Sequel apocrifo de L'orribile segreto del dr. Hichcock incrociato con I diabolici di Clouzot. Impeccabili atmosfere gotiche, con tanto di sedute medianiche, teschi, passaggi segreti, tombe profanate, veleni, sinistre apparizioni... Interpreti decisamente in parte. L'unica pecca del film è forse un'eccessiva lentezza, comunque riscattata da sequenze di sicuro effetto (sopra tutte il doppio coup de théâtre finale, imprescindibile punto di riferimento per i thriller gotici del decennio successivo).
Ancora un altro gothic-movie ad alta tensione drammatica firmato Riccardo Freda e dalle riuscite atmosfere dark. Una sfruttata storia di una diabolica coppia di amanti perduti che si macchia di un delitto per ragioni patrimoniali viene raccontata con l'usuale maestria registica ed innegabile lirismo, sino ad un finale scoppiettante di colpi di scena ripetuti. Brividi assicurati...
Uno dei gotici italiani migliori per concezione dello spazio e direzione degli attori. Nessuno degli interpreti, peraltro tutti bravi, recita sopra le righe, la telecamera si muove senza tregua nelle meravigliose scenografie narrando una storia che riprende solo in parte L'Orribile segreto del dr. Hichcock, ma che ha in sè tutti i connotati degli incubi della mente e del sonno.
Stupendo. Riccardo Freda firma il suo meraviglioso secondo horror e si serve di un ottimo cast: la scream queen Barbara Steele (in questo caso carnefice, ma di sorprese c'e ne saranno molte) e la Medin. Atmosfere gotiche perfette e terrorizanti, scenografie soffocanti, curiosi effetti di sangue (le rasoiate), finale cinico e macabro. Ottimo ritmo, si segue tutto di un fiato. Freda al suo meglio, consigliatissimo.
Seguito solo sulla carta de L'orribile segreto del dottor Hichcock e migliore del predecessore. Questa volta Freda abbandona il tema horror in favore di un intrigo coniugale con forte venatura gotica. Finemente risolto sul piano visivo, tanto che appare un saggio di bravura la sequenza, quasi senza dialoghi, che anticipa la spiegazione conclusiva, tutta girata con sapiente uso della fotografia e con il supporto di un'adeguata colonna sonora. Cast azzeccato ed in parte, nel quale spiccano la sempre brava e adatta Barbara Steele affiancata, in ruolo di viscido reverendo, dal grande Umberto Raho.

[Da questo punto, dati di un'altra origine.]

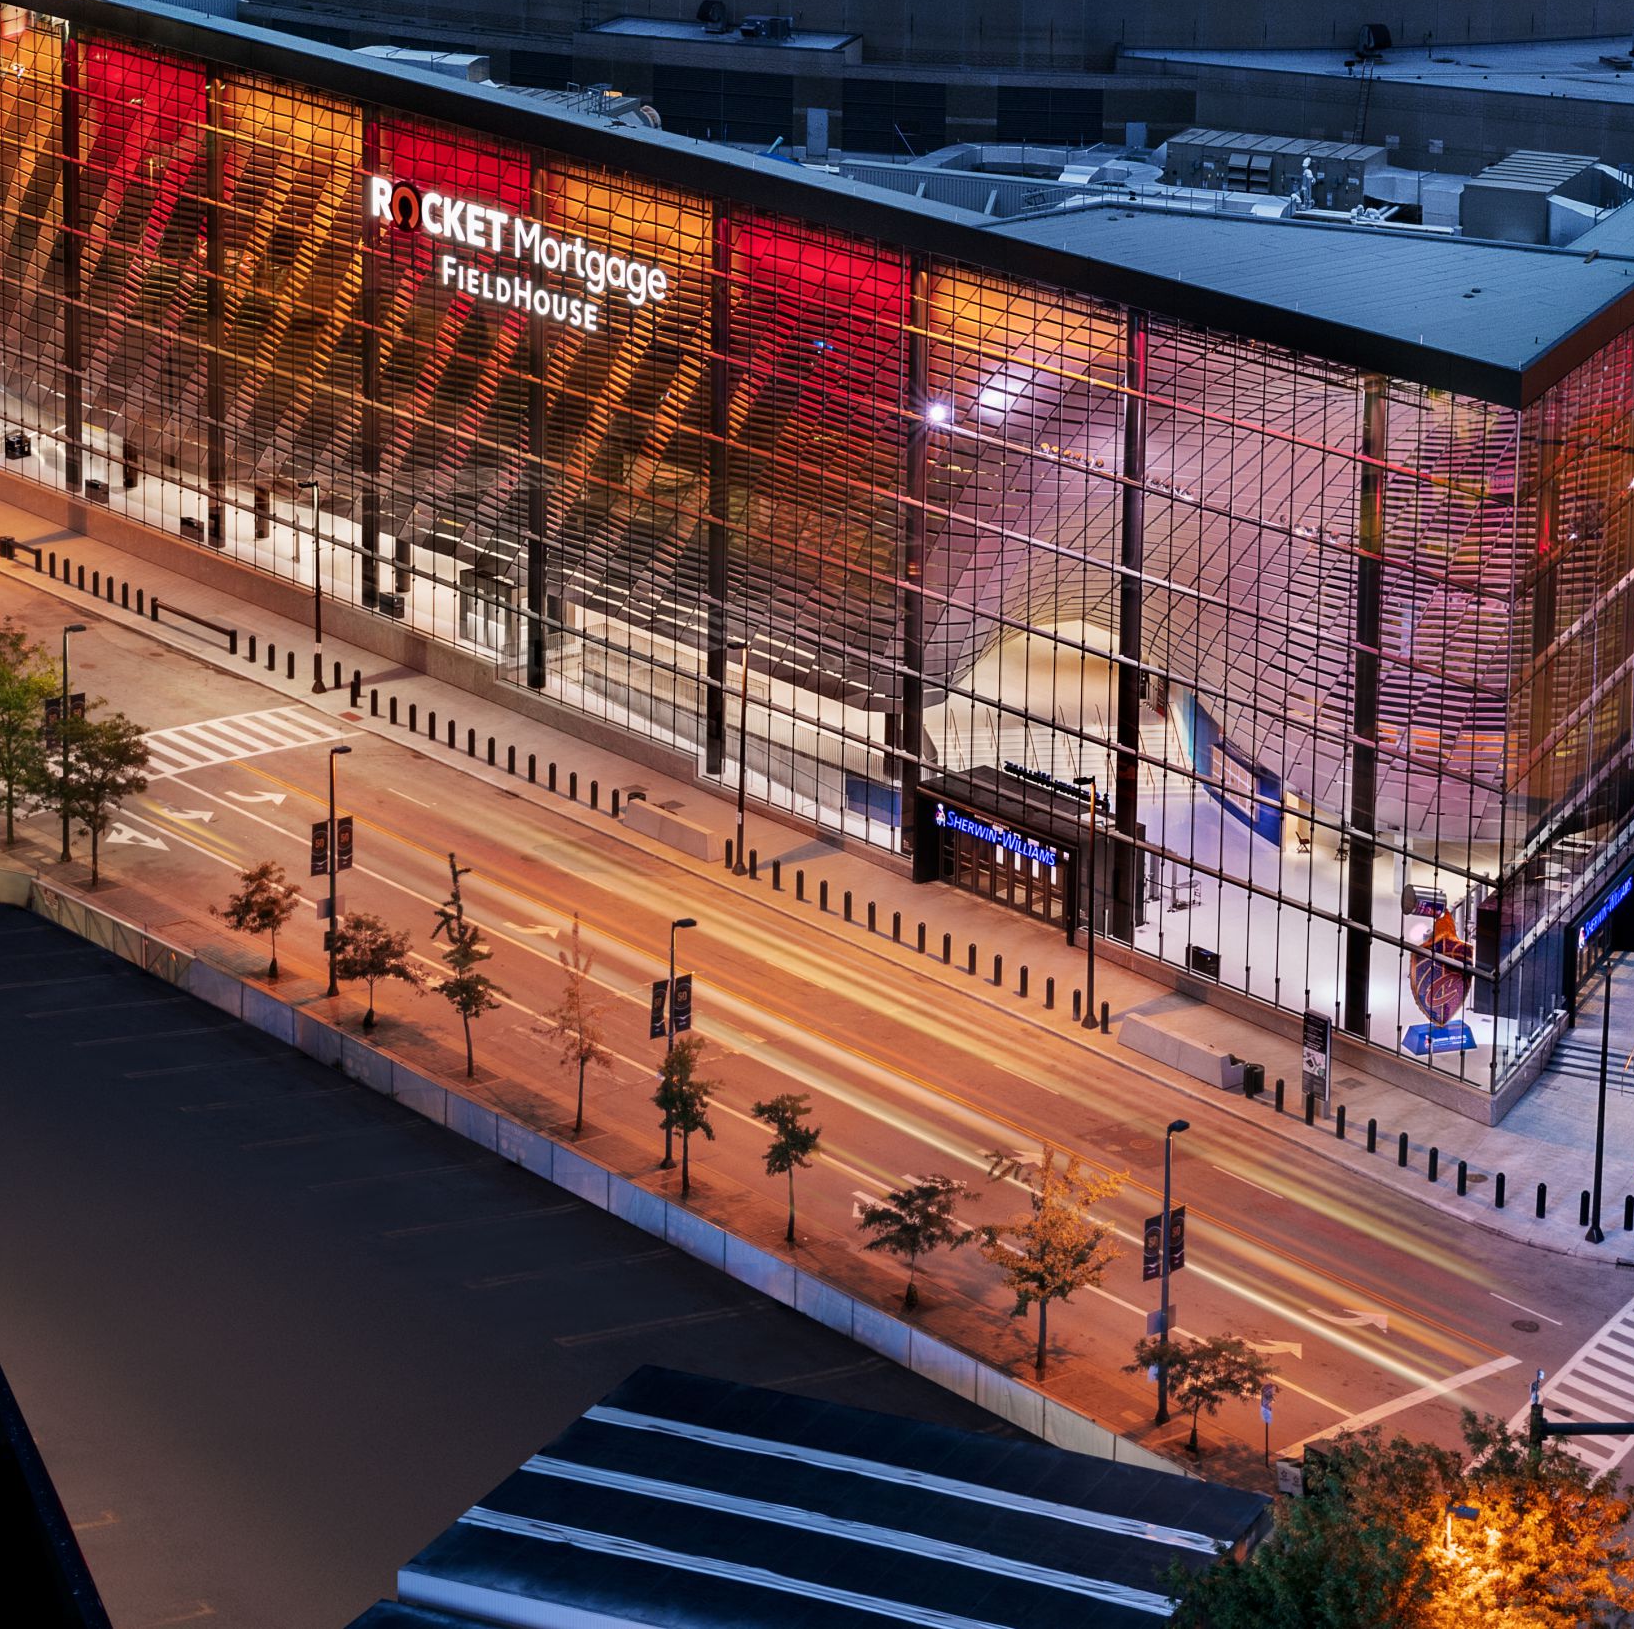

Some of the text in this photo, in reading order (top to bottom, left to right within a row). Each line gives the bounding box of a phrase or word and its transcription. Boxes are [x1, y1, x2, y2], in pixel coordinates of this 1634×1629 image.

[370, 175, 668, 306] ROCKET Mortgage
[441, 254, 599, 332] FIELDHOUSE
[315, 838, 325, 849] 50
[946, 810, 1057, 867] SHERWIN-WILLIAMS
[677, 991, 688, 1002] 50
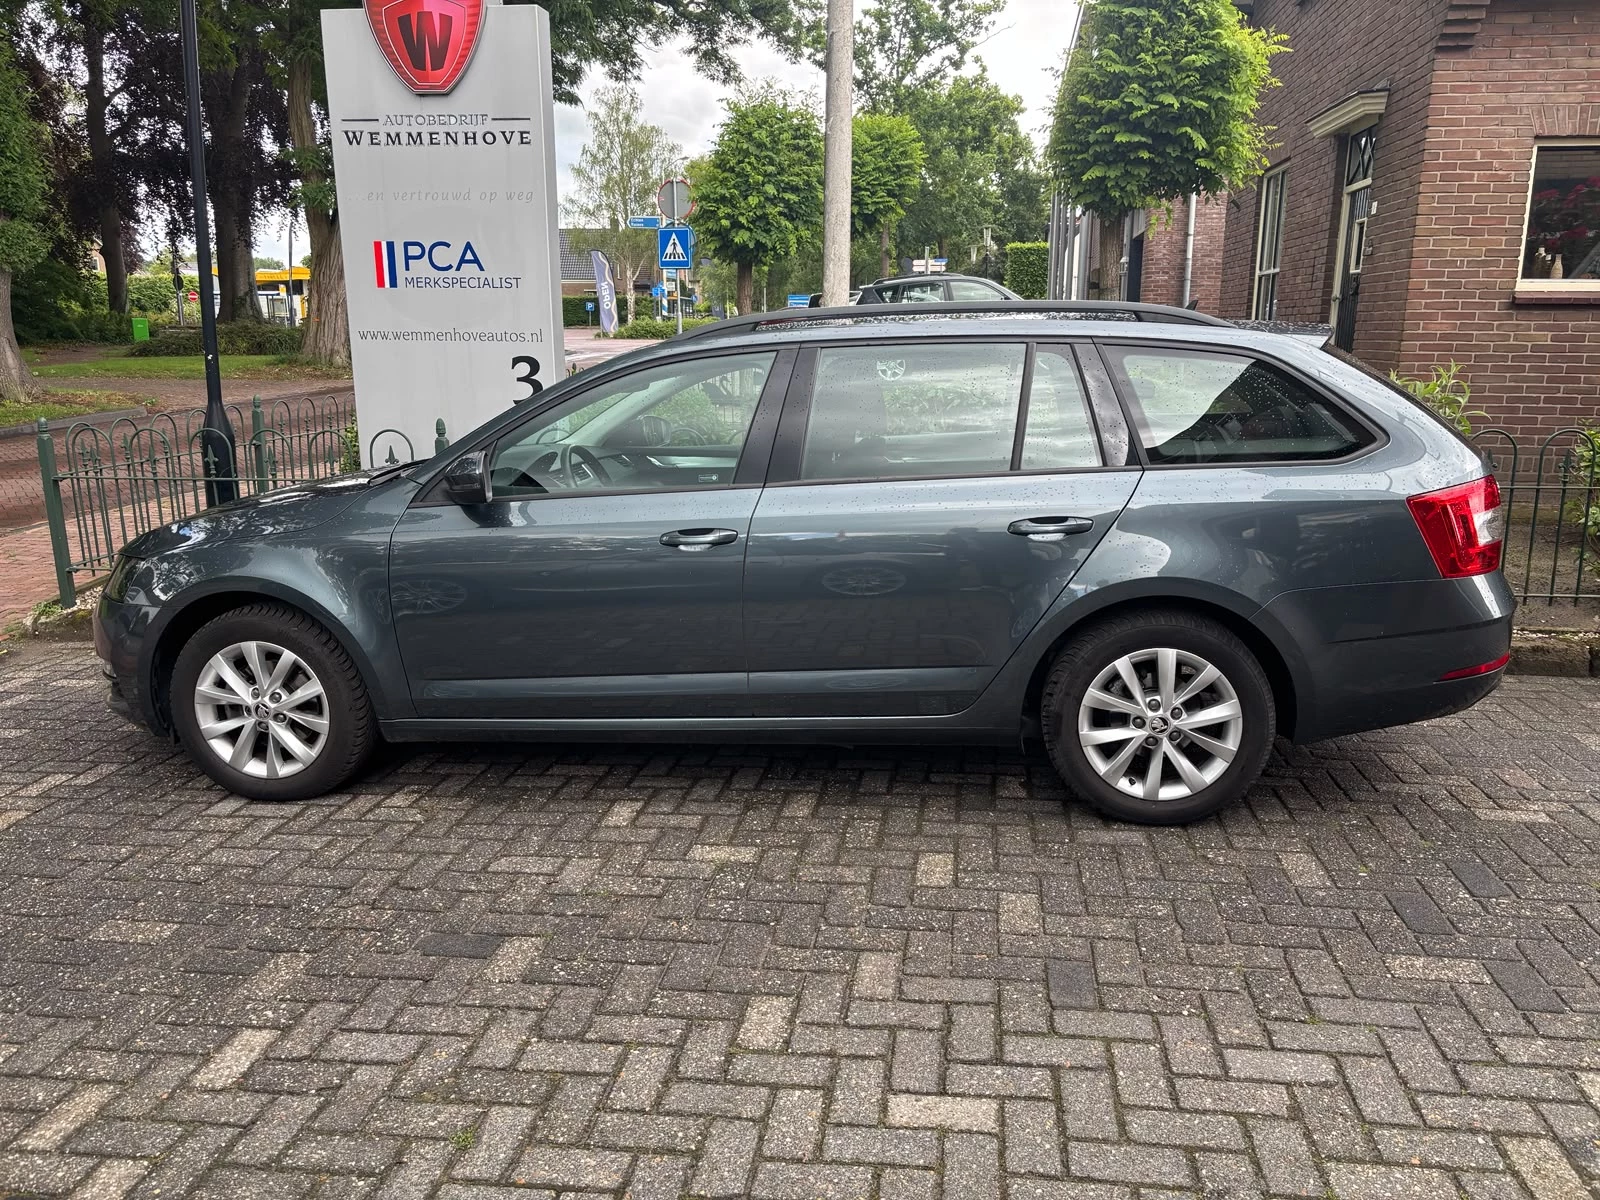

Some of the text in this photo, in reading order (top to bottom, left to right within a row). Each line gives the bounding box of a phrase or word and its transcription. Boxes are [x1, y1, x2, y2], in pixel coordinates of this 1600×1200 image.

[397, 11, 453, 71] W
[383, 114, 489, 126] AUTOBEDRIJF
[342, 130, 532, 146] WEMMENHOVE
[393, 187, 471, 201] vertrouwd
[479, 191, 497, 204] op
[505, 191, 534, 204] weg
[403, 241, 485, 272] PCA
[404, 277, 522, 289] MERKSPECIALIST
[358, 328, 543, 343] www.wemmenhoveautos.nl
[511, 355, 544, 404] 3

Uno dei migliori film di Freda, che in netto anticipo sui tempi supera i temi tipici del gotico per inserirvi elementi del thriller a sfondo coniugale-borghese che diventerà di moda alla fine del decennio. Notevolissimo uso del colore, bella colonna sonora di Franco Mannino (con l'efficace melodia del carillon). Peccato per la lentezza dell'inizio, la seconda parte è decisamente migliore. Memorabile e precursore anche il bellissimo omicidio col rasoio.
MEMORABILE: I rivoli di sangue che colano sull'obiettivo: devono aver impressionato molti registi più giovani.

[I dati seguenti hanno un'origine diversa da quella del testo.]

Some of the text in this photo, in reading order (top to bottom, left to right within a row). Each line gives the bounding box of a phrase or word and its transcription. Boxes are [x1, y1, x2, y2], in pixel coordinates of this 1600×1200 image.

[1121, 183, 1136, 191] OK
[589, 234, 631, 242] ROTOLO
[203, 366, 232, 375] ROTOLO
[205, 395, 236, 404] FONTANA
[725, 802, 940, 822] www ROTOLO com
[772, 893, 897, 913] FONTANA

Freda, per molti un maestro, è un regista che personalmente considero meno di zero; ma qui firma a sorpresa un grandissimo capolavoro, forse il miglior gotico di sempre: atmosfere iperclaustrofobiche, scenografie eccessive e soffocanti, una Steele bravissima, musiche e dettagli macabri inquietanti e disagianti (leggete ai momenti memorabili), una scena di sangue seminale (e ferocissima) e un finale che è un vero tour de force di perfidie. Per farla breve, l'unica mosca bianca della carriera di Freda... e che mosca! ****½.
MEMORABILE: Il carillon; lo zombie che appare da dietro la tenda alla Steele; la carrozzella per disabili che rotola da sola per le scale; le tremende rasoiate.

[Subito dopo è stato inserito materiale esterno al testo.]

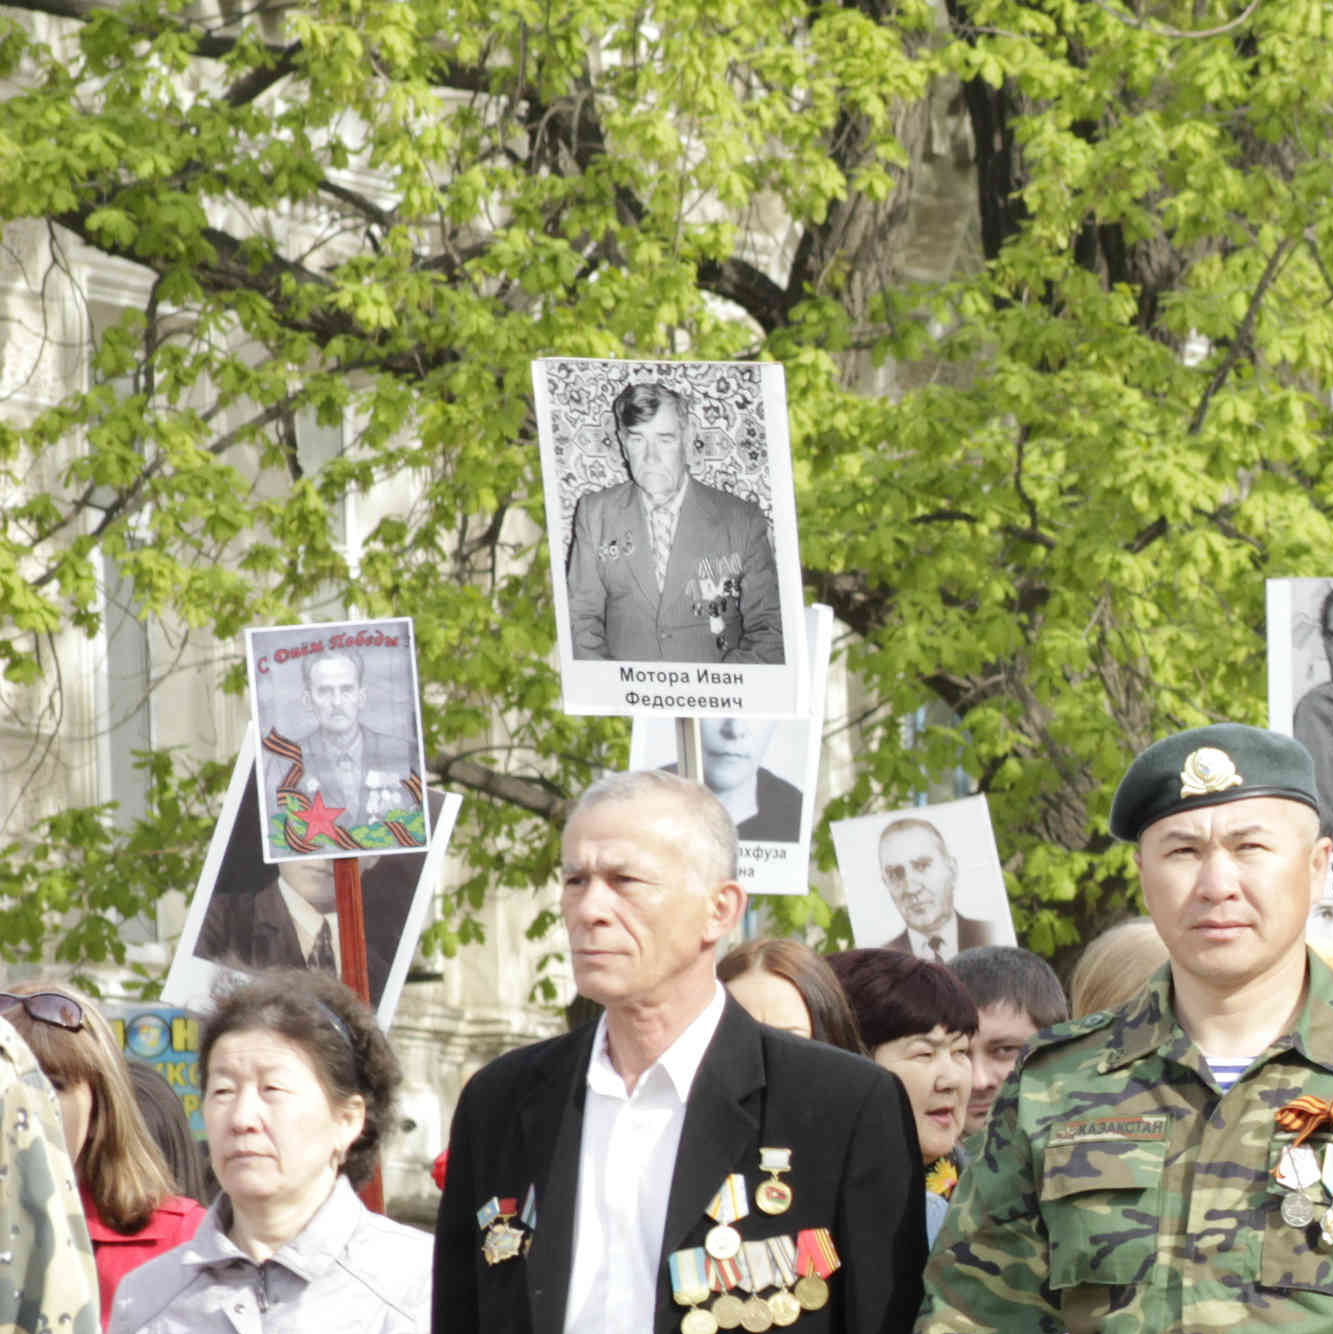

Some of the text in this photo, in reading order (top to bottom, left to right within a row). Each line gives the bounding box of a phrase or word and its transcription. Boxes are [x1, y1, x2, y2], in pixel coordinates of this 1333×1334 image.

[328, 630, 401, 651] Победы
[620, 667, 744, 686] Мотора Иван
[625, 691, 743, 708] Федосеевич

Godibilissimo gotico italiano che presenta una storia intrigante ed avvincente (e per l'epoca per nulla scontata), in cui all'aspetto del divertimento (decisamente valido)
si unisce quello tecnico che è altrettanto valente: oltre alla buona regia di Freda (
qui al suo meglio), si segnala una fotografia che, come accadeva spesso all'epoca, è
molto attenta ai cromatismi. Riuscito il beffardo finale. Ottima la Steele, gustoso Raho.
Freda trasforma il necrofilo Hichcock in un paralitico ossessionato dalla gelosia e irresistibilmente attratto dalla morte, costruendo uno degli horror più avidi e cupi dell'avventurosa storia del cinema italiano di genere. Il film, barocco e cinico come lo stile dello scontroso Riccardo, incide personaggi-carogna capaci di ogni ignominia (dalla doppia profanazione di cadavere al tradimento) per mera volontà e fine di possesso. La Steele, di smaniosa bellezza, è una vertigine di perfidia, ma Jotta e la Medin son incarnazioni lombrosiane del demonio.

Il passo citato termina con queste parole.